Report total interest as “Income from other sources”

On the ITR form, it will be added to your total income and taxed according to the tax slab it will fall into.

Avoid trying to be smart with IT

In today’s interconnected banking system, avoid the following, play safe and live a peaceful life:

1. Do not try to submit Form 15G/H just to avoid TDS. Giving a false statement can be considered a very serious crime, which could even lead to jail for up to 2 years. This information comes to the individual’s Form 26AS. One can only imagine what will happen to an investor whose Form 26AS indicates filing of Form 15G or 15H with multiple banks and income that exceeds the basic exemption limit. In any case, even if he can avoid the TDS by the bank, he is responsible for calculating and paying the total tax while filing the ITR. Playing such games is simply not worth it.

two. Don’t waste your time and energy dividing your bank’s FDs among multiple banks or branches. Each account is connected through its PAN number.
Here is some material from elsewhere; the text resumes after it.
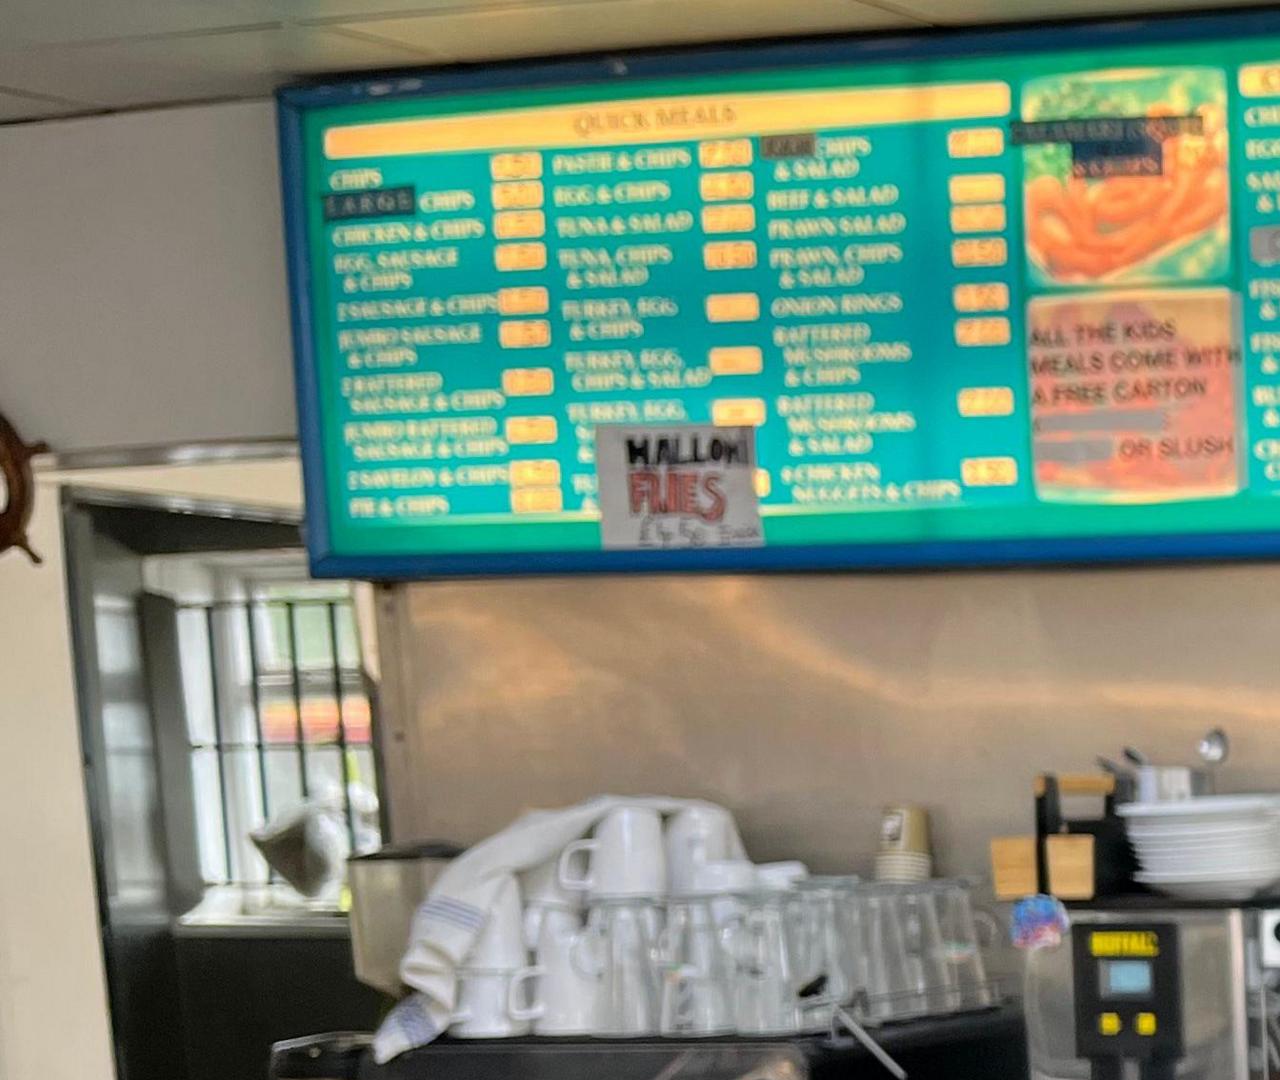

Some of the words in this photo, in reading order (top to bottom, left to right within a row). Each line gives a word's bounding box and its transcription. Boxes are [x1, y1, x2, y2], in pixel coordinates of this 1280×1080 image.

[1125, 318, 1177, 341] KIDS
[1110, 349, 1174, 371] COME
[1114, 378, 1207, 402] CARTON
3. Avoid trying to save taxes by investing on behalf of your spouse or minor children. There is an income garrote provision that leads to all interest earned by your spouse or child being pooled with your income and taxed accordingly. In some cases, it might be useful to invest in your parents’ name, because the clubbing provision doesn’t apply there. However, just make sure that the parents’ income and tax liability do not increase because of it.

Having a clear understanding of fixed deposits and the tax liability that arises from interest income from them will keep this investment option the way it was designed: simple, guaranteed, liquid, unsupervised and risk-free. Then you can enjoy its true charm!